Еще пара секунд, и ему вспоминается собственное имя. Йоаким Вестин. Его зовут Йоаким Вестин, и лежит он в двуспальной кровати на хуторе Олудден на севере Эланда.

Он дома. Уже вторые сутки. Его жена Катрин с детьми живут здесь уже два месяца, а он приехал только вчера.

01.23. Цифры на часах — единственный источник света в комнате без окон.

Звука, разбудившего Йоакима, больше нет, но он знает, что ему не померещилось. Даже во сне он слышал стоны, доносившиеся из другой части дома.

Рядом с ним в кровати Катрин. Она крепко спит, повернувшись спиной к нему и натянув на себя одеяло. В темноте он различает контуры тела жены и чувствует исходящее от нее тепло. Она спала здесь одна почти два месяца, сам же Йоаким жил в Стокгольме и приезжал только на выходные. От этого плохо было всем.

Он протянул руку к Катрин, и в этот момент снова раздался голос:

— Мама!

Йоаким узнал голос Ливии и, откинув одеяло, встал с кровати.

От печки в углу спальни все еще шло тепло, но деревянный пол под ногами был просто ледяным. Его придется перестелить, как они это сделали в детской и на кухне. Но это придется отложить на следующий год. А пока они купят пару ковров и запасутся дровами. Нужно найти дрова подешевле, потому что дом большой и его нужно хорошо протапливать.

Много чего еще нужно купить до наступления холодов. Лучше составить список.

Йоаким затаил дыхание и прислушался. В доме было тихо.

Он взял висевший на стуле халат, тихо надел его поверх пижамы, осторожно пробрался между коробками с вещами, оставшимися от переезда, и вышел из спальни.

В темноте легко можно было заблудиться. В доме в Стокгольме он всегда машинально поворачивал направо: именно там располагалась детская, — но здесь, на хуторе, она была слева.

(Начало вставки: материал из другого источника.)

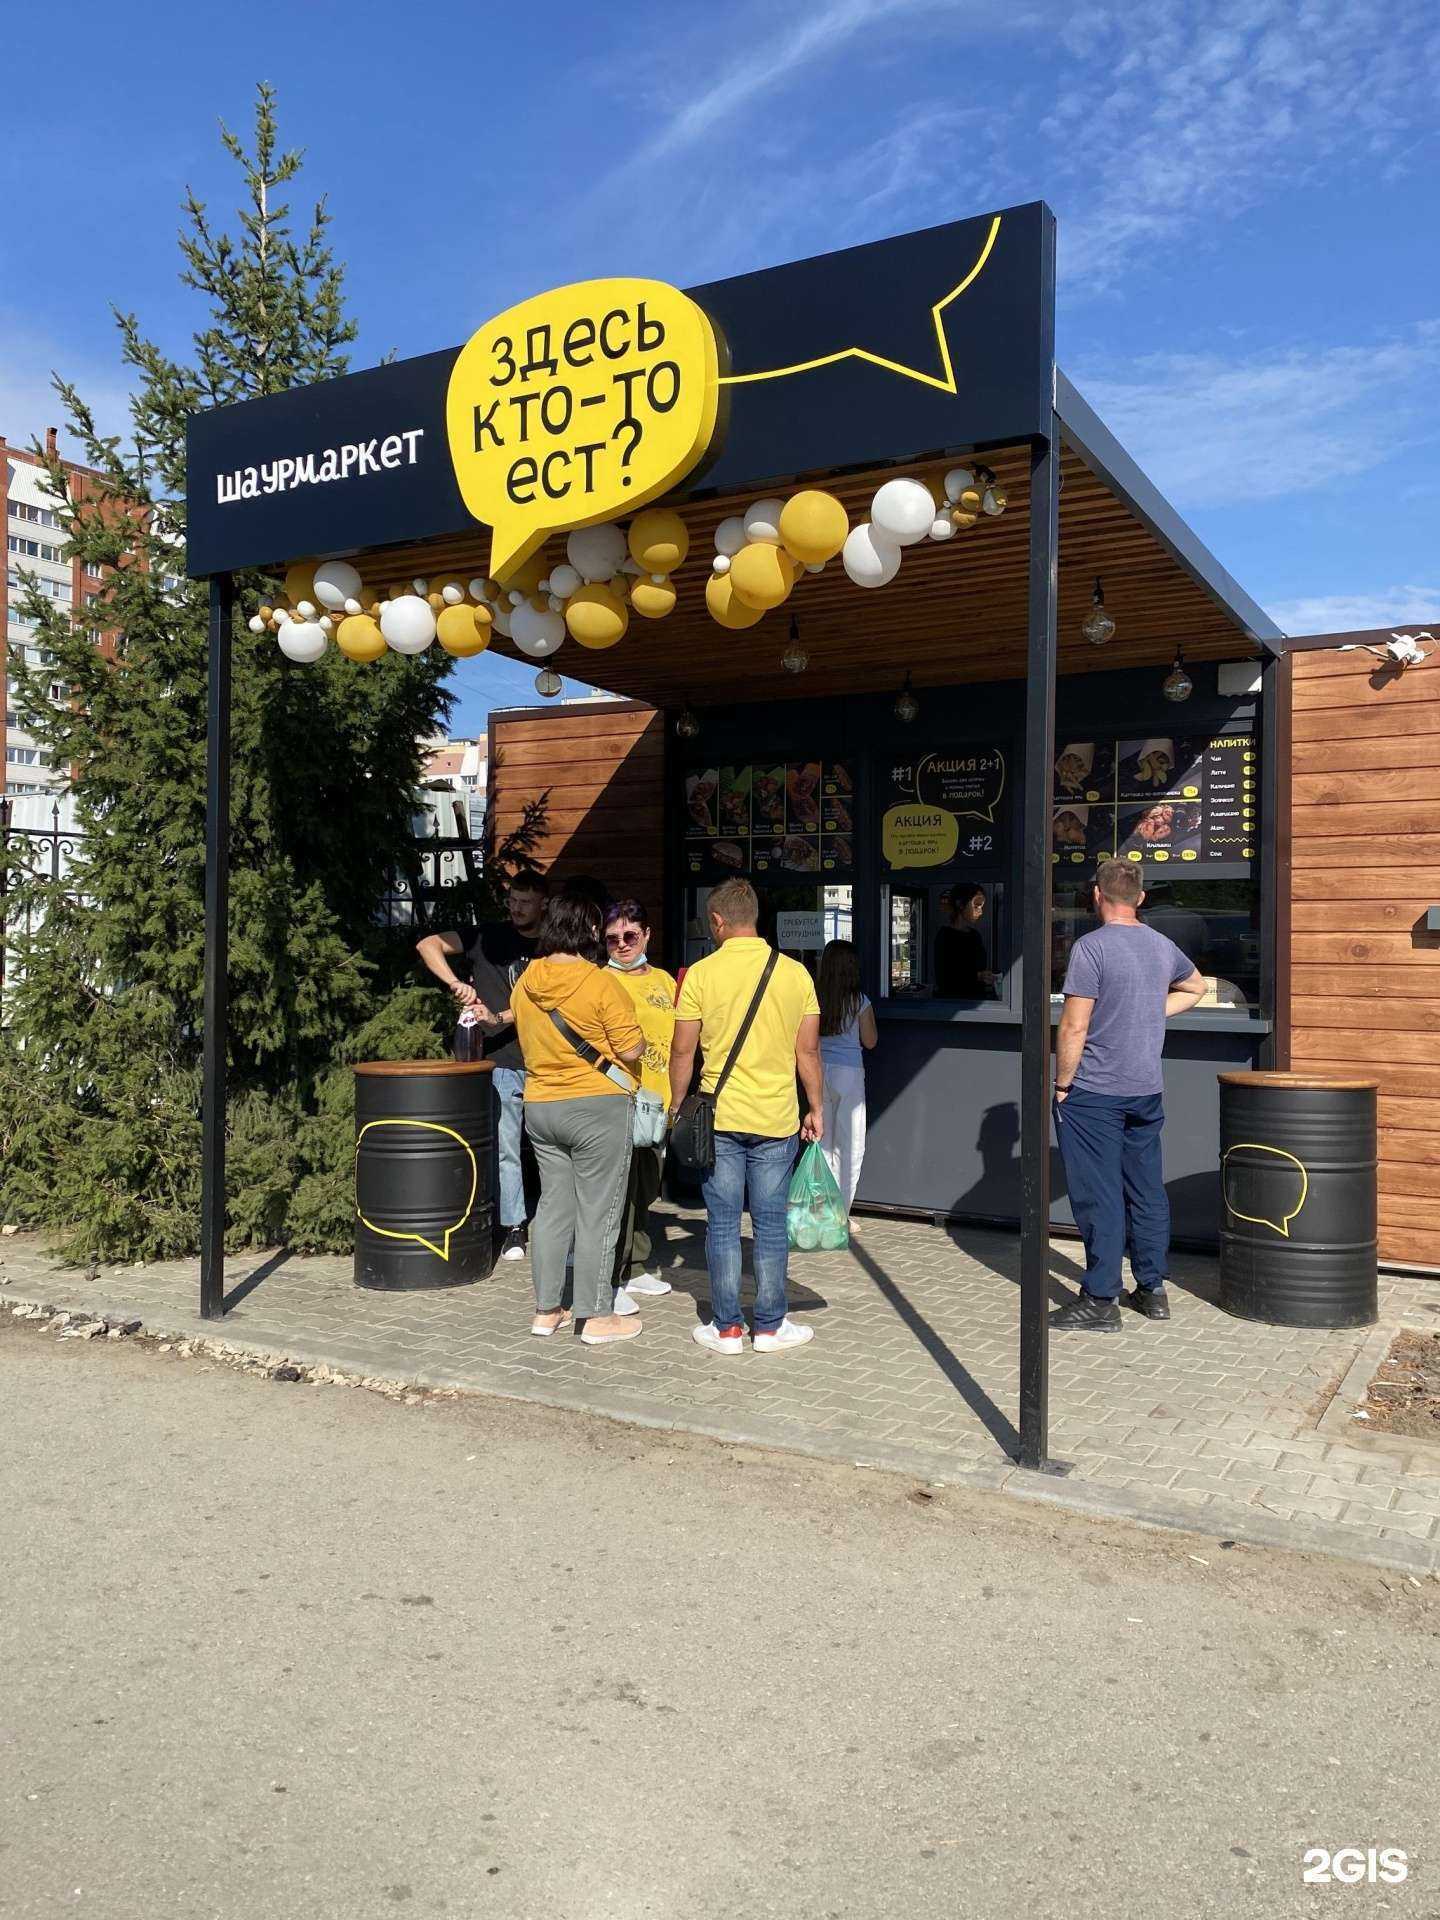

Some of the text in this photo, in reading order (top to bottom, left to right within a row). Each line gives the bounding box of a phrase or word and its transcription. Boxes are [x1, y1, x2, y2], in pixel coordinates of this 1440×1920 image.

Спальня Катрин и Йоакима была затеряна в лабиринтах дома, построенного в прошлом веке. Весь коридор, ведущий к ней, занимали коробки с вещами. На другом конце коридора был зал с окнами, выходящими во двор, по обе стороны которого, как флигеля, располагались подсобные помещения.

Олудден был обращен передом на море и выходил задом вглубь суши. Подойдя к окну, Йоаким посмотрел на море, освещенное красным светом маяка. Южный маяк освещал несколько сотен метров морского простора, но северный был слеп. Катрин рассказала, что ни разу не видела, чтобы он горел.

Йоаким слышал, как ветер бьется в стены, и видел, как тревожные тени собираются вокруг маяков. Волны. Почему-то они всегда напоминали ему об Этель, хотя убили ее не они, а холод.

Это случилось всего десять месяцев назад.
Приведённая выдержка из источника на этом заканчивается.